* _REQUIREMENT_:
Could you restate every entry word for word, leaving the pictures out?

* _DATA FOR REVIEW_:
........

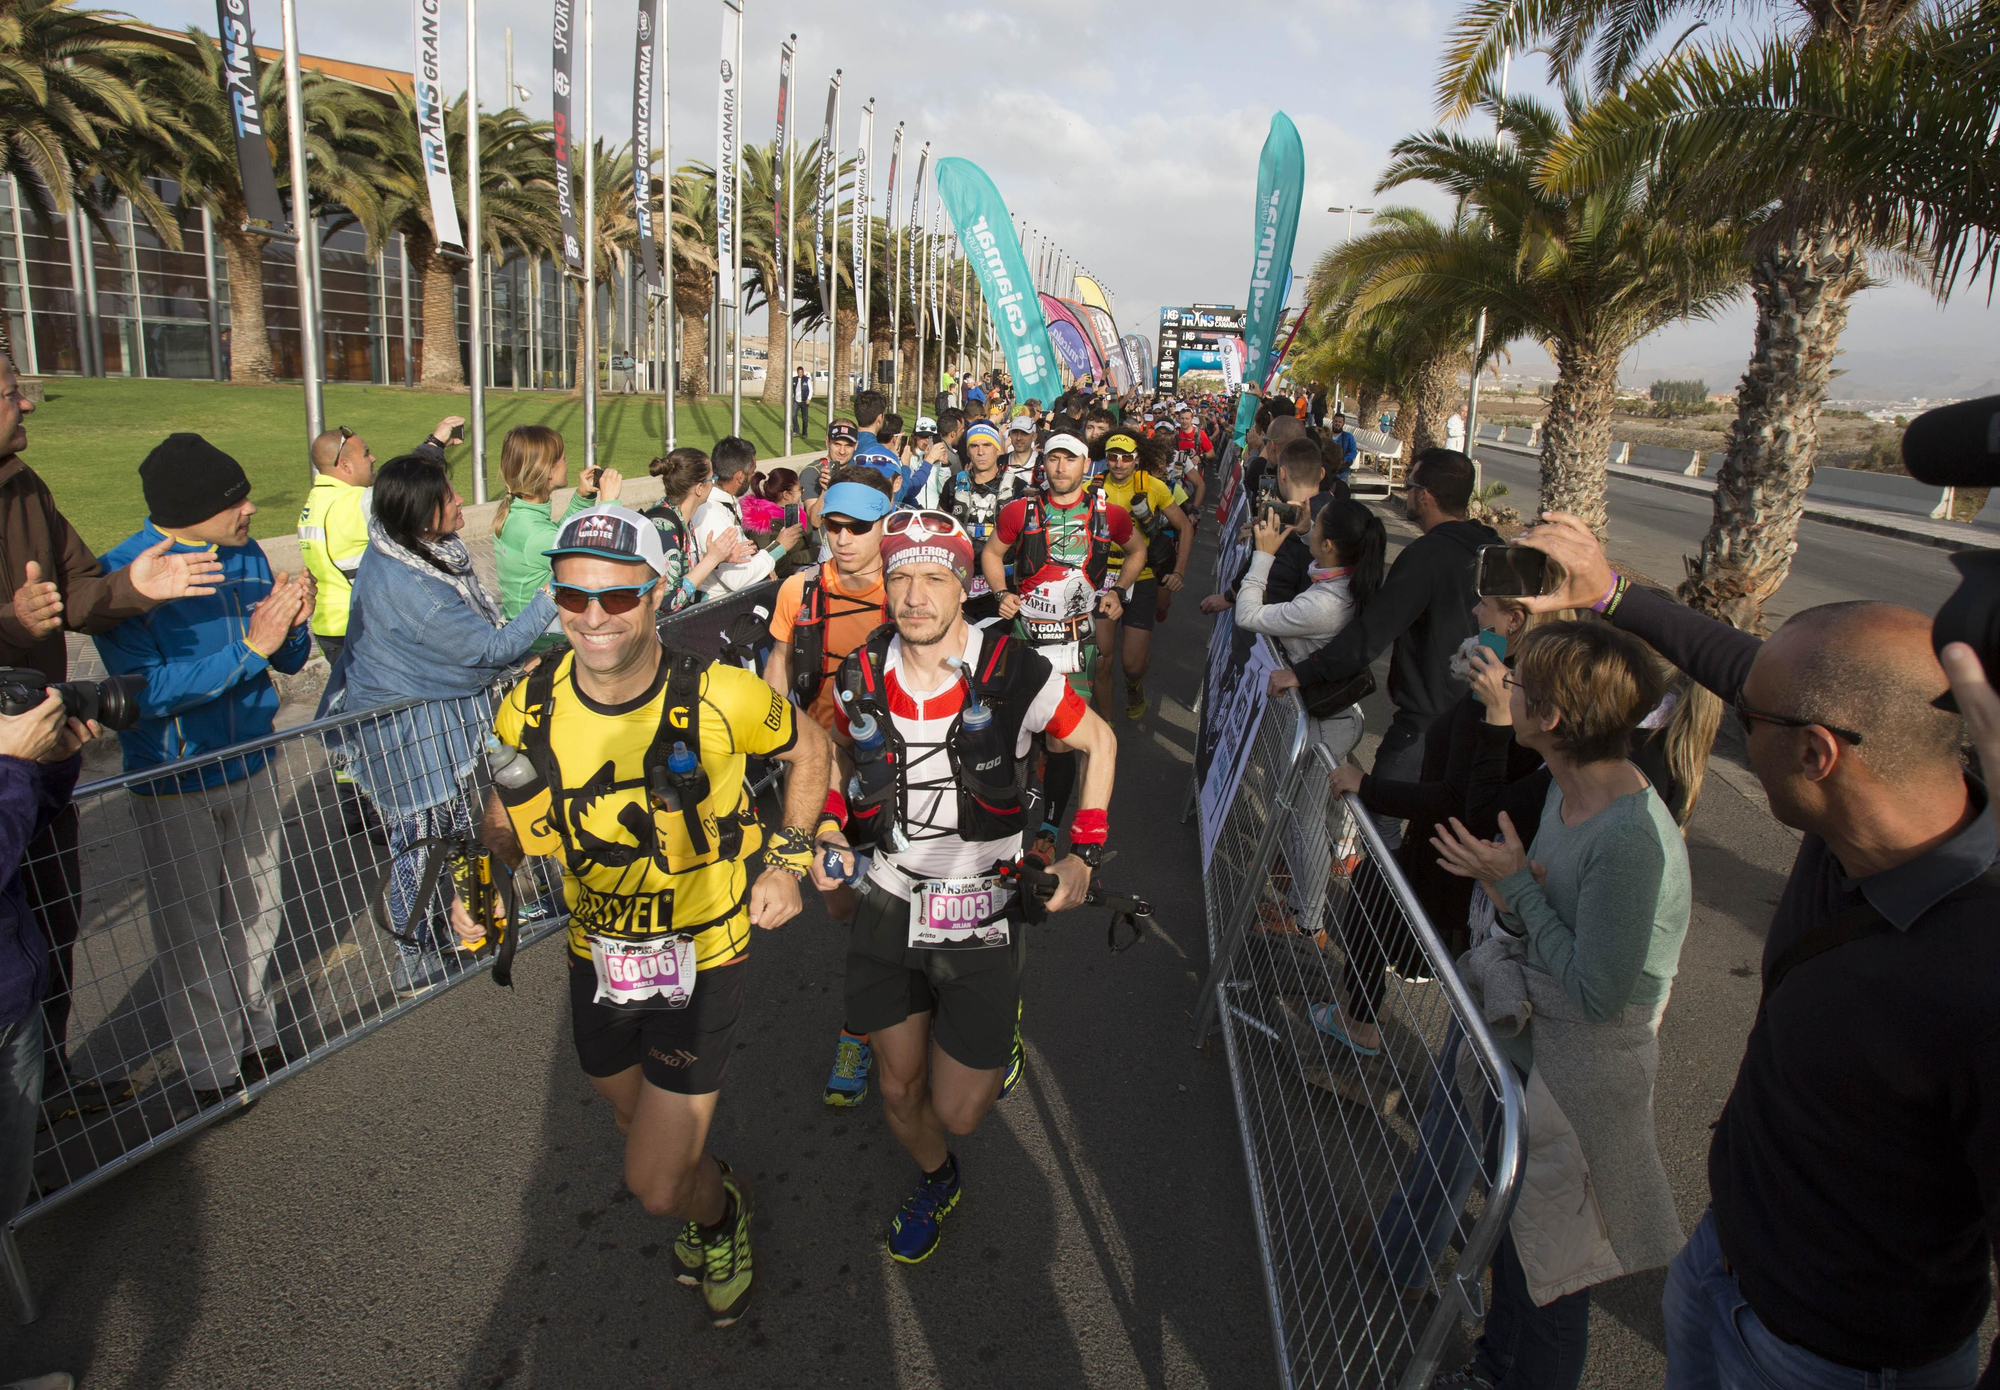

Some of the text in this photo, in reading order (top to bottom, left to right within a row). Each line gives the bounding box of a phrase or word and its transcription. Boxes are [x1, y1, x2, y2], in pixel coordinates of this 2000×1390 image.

[422, 16, 438, 81] GRAN
[223, 16, 261, 138] TRANS
[639, 45, 652, 119] CANARIA
[419, 81, 447, 177] TRANS
[553, 110, 566, 162] HG
[638, 120, 648, 168] GRAN
[722, 88, 734, 152] CANARIA
[556, 160, 572, 218] SPORT
[723, 153, 731, 193] GRAN
[818, 147, 830, 198] CANARIA
[857, 168, 866, 215] CANARIA
[634, 169, 651, 239] TRANS
[719, 194, 730, 255] TRANS
[817, 199, 825, 232] GRAN
[856, 216, 864, 246] GRAN
[816, 232, 825, 283] TRANS
[855, 247, 863, 290] TRANS
[579, 530, 613, 539] WILD TEE
[1038, 623, 1067, 632] GOAL
[931, 894, 989, 922] 6003
[607, 951, 676, 982] 6006
[632, 979, 654, 989] PABLO

........

* _RESULT OF THE EXERCISE_:
Some of the text in this photo, in reading order (top to bottom, left to right within a row). Each line gives the bounding box of a phrase or word and its transcription. Boxes are [x1, y1, x2, y2], in pixel coordinates of this 2000×1390 image.

[422, 16, 438, 81] GRAN
[223, 16, 261, 138] TRANS
[639, 45, 652, 119] CANARIA
[419, 81, 447, 177] TRANS
[553, 110, 566, 162] HG
[638, 120, 648, 168] GRAN
[722, 88, 734, 152] CANARIA
[556, 160, 572, 218] SPORT
[723, 153, 731, 193] GRAN
[818, 147, 830, 198] CANARIA
[857, 168, 866, 215] CANARIA
[634, 169, 651, 239] TRANS
[719, 194, 730, 255] TRANS
[817, 199, 825, 232] GRAN
[856, 216, 864, 246] GRAN
[816, 232, 825, 283] TRANS
[855, 247, 863, 290] TRANS
[579, 530, 613, 539] WILD TEE
[1038, 623, 1067, 632] GOAL
[931, 894, 989, 922] 6003
[607, 951, 676, 982] 6006
[632, 979, 654, 989] PABLO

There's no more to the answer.